● DATA FOR THE TASK
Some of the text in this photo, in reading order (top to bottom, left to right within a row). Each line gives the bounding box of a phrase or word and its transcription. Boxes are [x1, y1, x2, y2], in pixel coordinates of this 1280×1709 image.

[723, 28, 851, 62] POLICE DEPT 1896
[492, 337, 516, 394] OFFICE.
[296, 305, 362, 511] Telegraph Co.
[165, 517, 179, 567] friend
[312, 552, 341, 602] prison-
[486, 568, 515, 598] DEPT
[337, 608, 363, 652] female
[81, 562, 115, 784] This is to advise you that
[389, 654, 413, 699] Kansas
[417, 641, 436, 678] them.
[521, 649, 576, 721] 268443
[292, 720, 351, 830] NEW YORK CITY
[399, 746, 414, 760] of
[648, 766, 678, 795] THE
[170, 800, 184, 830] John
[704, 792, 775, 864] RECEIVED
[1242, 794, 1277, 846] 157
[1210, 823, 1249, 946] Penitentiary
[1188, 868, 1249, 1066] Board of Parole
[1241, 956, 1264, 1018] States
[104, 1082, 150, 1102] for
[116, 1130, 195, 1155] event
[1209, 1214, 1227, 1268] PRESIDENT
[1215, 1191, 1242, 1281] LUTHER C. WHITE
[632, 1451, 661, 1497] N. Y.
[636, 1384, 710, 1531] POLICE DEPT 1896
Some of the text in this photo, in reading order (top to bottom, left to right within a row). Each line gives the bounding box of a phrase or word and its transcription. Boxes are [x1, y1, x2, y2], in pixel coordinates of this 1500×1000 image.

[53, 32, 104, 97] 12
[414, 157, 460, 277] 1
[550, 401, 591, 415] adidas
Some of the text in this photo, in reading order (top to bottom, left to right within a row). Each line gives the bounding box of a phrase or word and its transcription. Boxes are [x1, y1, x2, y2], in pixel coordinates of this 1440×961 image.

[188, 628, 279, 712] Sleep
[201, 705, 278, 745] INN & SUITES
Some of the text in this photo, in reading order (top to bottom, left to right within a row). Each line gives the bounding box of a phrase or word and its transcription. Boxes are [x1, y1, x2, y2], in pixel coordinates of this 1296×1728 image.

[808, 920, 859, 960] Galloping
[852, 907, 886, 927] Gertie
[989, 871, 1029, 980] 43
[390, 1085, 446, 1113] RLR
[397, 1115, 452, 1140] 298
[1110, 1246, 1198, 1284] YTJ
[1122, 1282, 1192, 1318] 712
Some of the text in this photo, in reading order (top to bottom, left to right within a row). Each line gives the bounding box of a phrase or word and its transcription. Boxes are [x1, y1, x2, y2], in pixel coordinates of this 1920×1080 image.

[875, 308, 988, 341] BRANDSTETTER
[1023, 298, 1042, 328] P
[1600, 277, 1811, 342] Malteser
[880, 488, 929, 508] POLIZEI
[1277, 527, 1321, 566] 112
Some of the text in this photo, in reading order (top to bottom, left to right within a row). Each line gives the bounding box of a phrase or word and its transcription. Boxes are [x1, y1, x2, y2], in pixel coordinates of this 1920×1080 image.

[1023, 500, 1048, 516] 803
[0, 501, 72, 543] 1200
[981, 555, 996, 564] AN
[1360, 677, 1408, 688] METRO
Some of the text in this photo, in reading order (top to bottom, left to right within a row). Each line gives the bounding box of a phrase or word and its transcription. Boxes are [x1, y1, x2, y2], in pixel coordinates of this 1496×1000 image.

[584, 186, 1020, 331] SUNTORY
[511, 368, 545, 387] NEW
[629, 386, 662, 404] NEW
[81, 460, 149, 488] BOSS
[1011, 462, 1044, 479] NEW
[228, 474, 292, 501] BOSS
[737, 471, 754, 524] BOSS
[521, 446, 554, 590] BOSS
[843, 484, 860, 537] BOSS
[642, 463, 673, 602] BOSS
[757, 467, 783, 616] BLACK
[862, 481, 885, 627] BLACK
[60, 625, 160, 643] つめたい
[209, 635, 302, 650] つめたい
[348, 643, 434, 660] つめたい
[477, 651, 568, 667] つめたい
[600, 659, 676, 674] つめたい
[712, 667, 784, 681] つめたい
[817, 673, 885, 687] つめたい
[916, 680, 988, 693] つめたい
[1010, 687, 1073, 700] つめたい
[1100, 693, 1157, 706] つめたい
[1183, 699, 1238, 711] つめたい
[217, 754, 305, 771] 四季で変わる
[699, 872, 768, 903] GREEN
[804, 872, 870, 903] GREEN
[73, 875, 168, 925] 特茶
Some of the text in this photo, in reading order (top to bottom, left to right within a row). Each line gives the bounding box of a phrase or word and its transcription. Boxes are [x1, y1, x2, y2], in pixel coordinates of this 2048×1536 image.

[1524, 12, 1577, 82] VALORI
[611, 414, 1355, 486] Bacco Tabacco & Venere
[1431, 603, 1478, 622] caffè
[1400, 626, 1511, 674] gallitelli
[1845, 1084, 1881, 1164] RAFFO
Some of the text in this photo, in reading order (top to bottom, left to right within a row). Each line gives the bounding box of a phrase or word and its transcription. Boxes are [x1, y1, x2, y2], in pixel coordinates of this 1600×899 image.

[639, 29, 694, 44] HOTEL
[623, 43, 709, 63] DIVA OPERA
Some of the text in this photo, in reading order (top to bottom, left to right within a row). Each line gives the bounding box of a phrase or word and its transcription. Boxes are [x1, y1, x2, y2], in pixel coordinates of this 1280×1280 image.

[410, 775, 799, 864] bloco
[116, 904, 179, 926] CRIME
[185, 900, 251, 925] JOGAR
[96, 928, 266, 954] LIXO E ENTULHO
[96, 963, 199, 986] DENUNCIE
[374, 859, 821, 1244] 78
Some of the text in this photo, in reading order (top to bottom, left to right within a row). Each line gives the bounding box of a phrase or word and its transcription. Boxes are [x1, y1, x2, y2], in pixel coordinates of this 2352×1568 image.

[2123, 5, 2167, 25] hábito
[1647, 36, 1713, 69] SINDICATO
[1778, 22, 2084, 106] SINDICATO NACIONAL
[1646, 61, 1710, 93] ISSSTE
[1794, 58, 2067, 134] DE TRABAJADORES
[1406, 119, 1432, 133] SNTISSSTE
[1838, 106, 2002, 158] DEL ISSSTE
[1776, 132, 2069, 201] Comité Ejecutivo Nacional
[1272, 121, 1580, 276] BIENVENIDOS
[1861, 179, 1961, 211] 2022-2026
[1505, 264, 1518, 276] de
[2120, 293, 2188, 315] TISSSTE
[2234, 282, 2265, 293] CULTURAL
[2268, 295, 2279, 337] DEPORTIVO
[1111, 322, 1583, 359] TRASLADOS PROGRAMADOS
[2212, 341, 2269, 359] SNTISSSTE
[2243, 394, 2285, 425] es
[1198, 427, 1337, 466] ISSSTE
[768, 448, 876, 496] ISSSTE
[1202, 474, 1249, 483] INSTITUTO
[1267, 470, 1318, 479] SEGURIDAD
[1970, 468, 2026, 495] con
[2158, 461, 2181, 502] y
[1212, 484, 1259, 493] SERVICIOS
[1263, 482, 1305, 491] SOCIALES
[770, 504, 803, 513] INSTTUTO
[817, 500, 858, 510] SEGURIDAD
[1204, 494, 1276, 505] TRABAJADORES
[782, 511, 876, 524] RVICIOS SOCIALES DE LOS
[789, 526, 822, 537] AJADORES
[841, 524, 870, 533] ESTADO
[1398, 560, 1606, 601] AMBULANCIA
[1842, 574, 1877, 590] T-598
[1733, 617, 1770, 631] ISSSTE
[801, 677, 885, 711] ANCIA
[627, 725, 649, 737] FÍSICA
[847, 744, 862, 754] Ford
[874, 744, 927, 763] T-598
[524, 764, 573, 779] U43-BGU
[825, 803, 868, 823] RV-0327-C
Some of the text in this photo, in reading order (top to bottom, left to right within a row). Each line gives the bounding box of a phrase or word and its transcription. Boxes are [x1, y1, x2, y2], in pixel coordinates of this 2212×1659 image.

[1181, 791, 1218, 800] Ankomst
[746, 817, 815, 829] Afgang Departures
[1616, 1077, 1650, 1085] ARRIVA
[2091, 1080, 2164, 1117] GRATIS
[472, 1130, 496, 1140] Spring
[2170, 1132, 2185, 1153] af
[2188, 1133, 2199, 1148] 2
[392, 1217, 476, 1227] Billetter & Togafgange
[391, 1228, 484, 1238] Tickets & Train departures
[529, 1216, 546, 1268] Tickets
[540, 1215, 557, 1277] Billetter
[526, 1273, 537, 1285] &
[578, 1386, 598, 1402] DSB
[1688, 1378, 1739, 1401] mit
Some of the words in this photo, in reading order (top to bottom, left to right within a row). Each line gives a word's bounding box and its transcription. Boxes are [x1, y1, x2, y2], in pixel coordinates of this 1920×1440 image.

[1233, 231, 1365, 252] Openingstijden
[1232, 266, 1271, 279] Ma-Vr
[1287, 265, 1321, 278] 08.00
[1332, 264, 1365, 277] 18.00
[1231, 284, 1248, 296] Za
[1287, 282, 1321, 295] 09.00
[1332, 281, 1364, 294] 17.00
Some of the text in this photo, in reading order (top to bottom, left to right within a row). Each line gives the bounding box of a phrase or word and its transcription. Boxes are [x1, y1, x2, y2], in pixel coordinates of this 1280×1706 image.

● INSTRUCTIONS TO FOLLOW
In the answer, restate word for word each line from the one with "Some of the words" through the end of the material above.

● YOUR RESPONSE
Some of the words in this photo, in reading order (top to bottom, left to right within a row). Each line gives a word's bounding box and its transcription. Boxes are [x1, y1, x2, y2], in pixel coordinates of this 1920×1440 image.

[1233, 231, 1365, 252] Openingstijden
[1232, 266, 1271, 279] Ma-Vr
[1287, 265, 1321, 278] 08.00
[1332, 264, 1365, 277] 18.00
[1231, 284, 1248, 296] Za
[1287, 282, 1321, 295] 09.00
[1332, 281, 1364, 294] 17.00
Some of the text in this photo, in reading order (top to bottom, left to right within a row). Each line gives the bounding box of a phrase or word and its transcription. Boxes are [x1, y1, x2, y2], in pixel coordinates of this 1280×1706 image.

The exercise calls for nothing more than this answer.